Ablehnung von Beratungshilfe

Das Bundesverfassungsgericht hat am 29.04.2015 (Az.: 1 BvR 184/11) entschieden, dass beantragte Beratungshilfe, wenn diese nicht in vollem Umfang gewährt wird, nur durch einen begründeten und mit Rechtsbehelfsbelehrung versehenen Beschluss zurückgewiesen werden kann.

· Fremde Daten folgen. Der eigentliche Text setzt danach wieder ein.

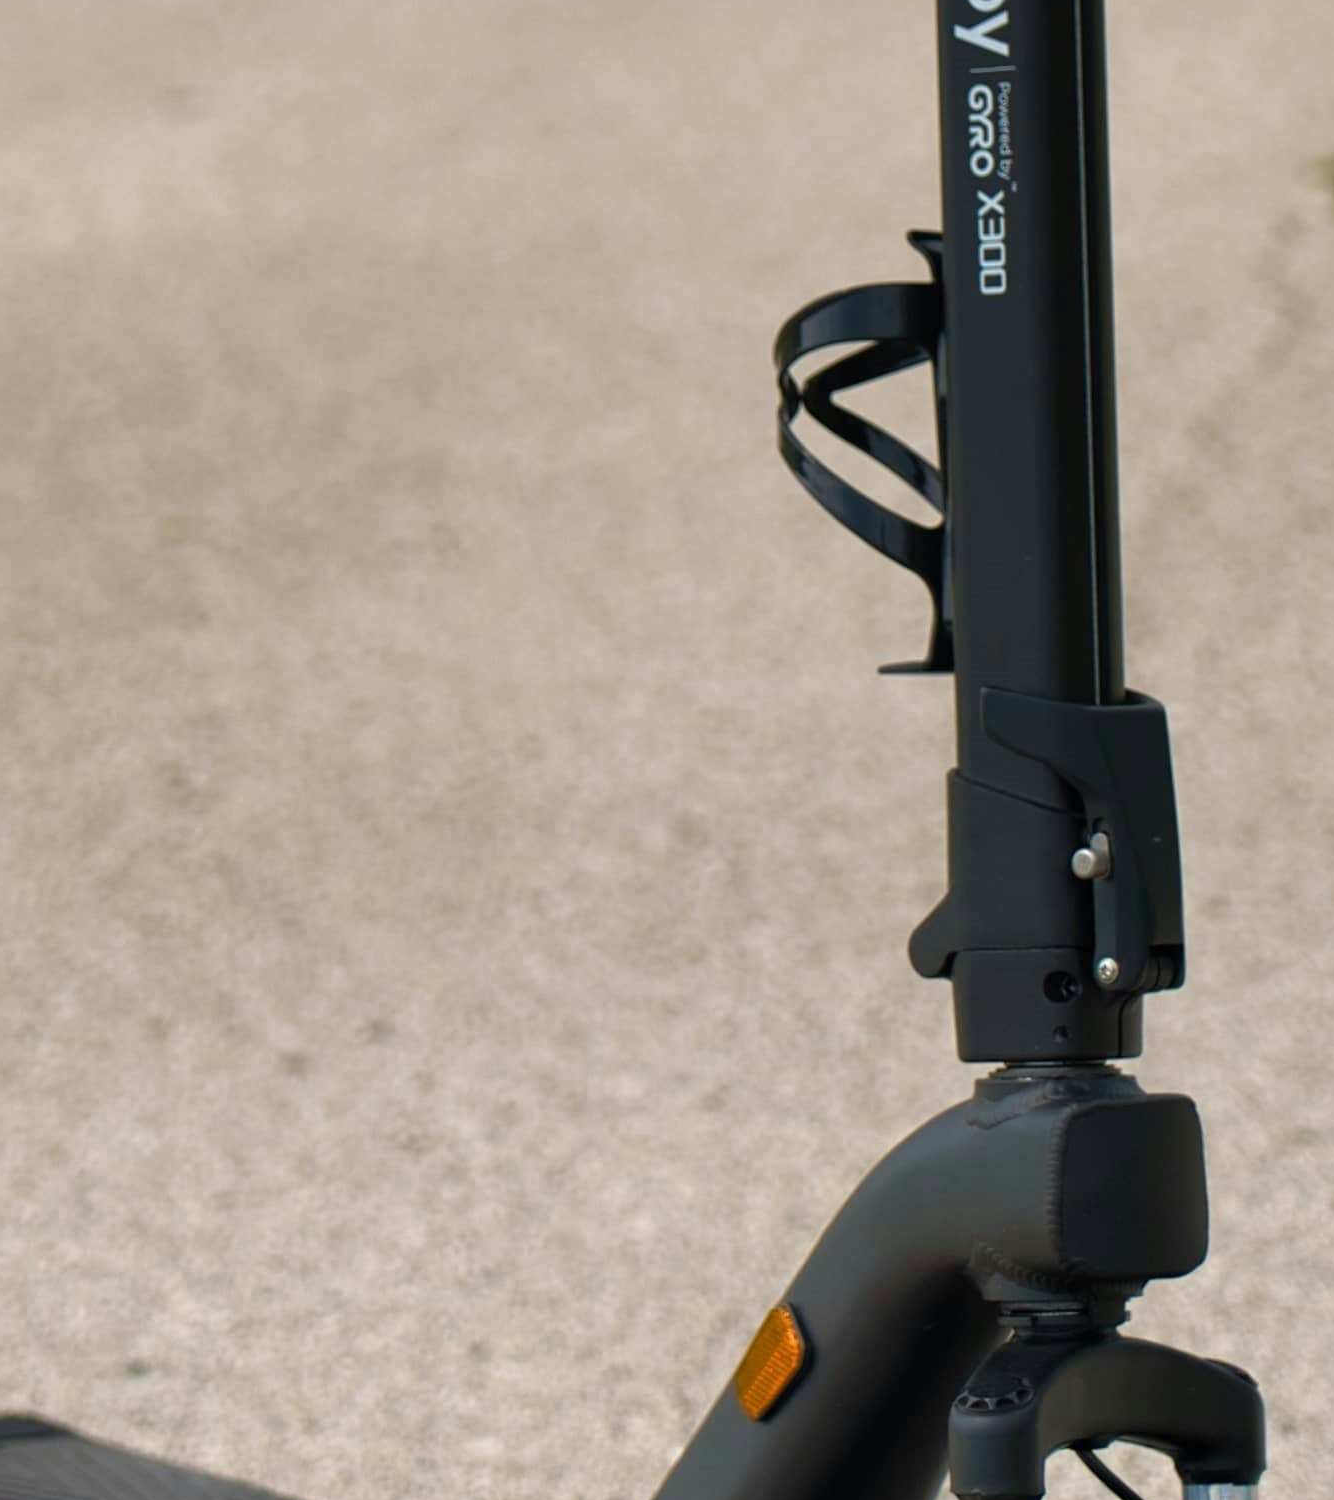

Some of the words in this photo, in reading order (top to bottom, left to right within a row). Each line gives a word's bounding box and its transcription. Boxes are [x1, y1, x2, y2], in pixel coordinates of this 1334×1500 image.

[967, 83, 995, 178] GYRO
[996, 81, 1013, 156] Powered
[996, 158, 1013, 181] by
[976, 189, 1008, 296] X300
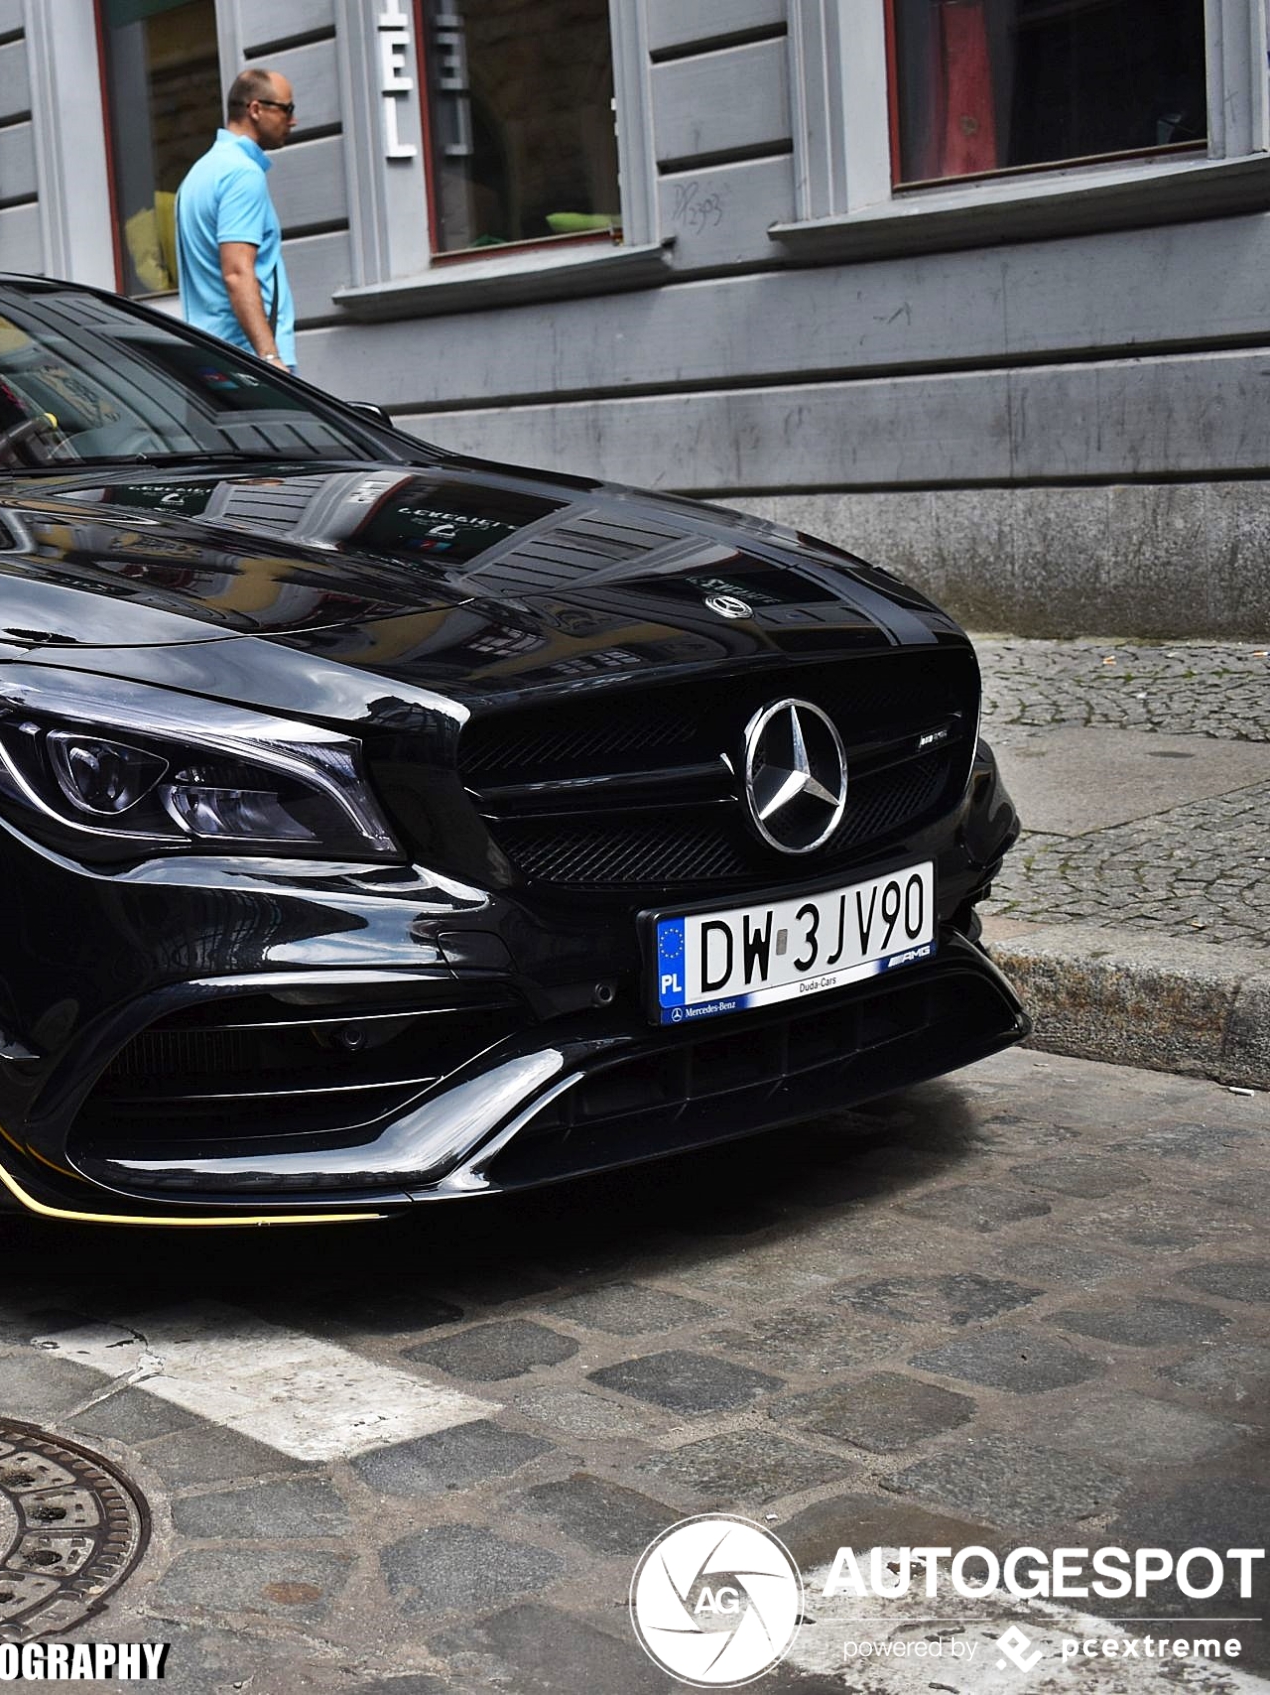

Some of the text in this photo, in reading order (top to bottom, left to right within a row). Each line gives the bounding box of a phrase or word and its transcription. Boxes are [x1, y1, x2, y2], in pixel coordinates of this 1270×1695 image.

In dem vorliegenden Fall hat ein Rechtspfleger des Amtsgerichts auf einen Beratungshilfeantrag wegen einer Rentenangelegenheit darauf verwiesen, dass Widerspruch bei der Rentenversicherung eingelegt oder die Beratungsstelle der Rentenversicherung in Anspruch genommen werden könne. Da beim Beratungshilfeantrag die anwaltliche Hilfe mit beantragt worden sei, sei über den Antrag nur mit dem mündlichen Hinweis des Rechtspflegers nicht hinreichend entschieden worden, so das Bundesverfassungsgericht. Der Zugang zur Rechtsberatung sei auf diesem Wege ohne erkennbaren Sachgrund erschwert.

Das Bundesverfassungsgericht stärkt damit die Rechte des Ratsuchenden. Selbst wenn das zuständige Amtsgericht einen Beratungshilfeantrag ablehnt, muss es hierüber einen (rechtsmittelfähigen) Beschluss erlassen.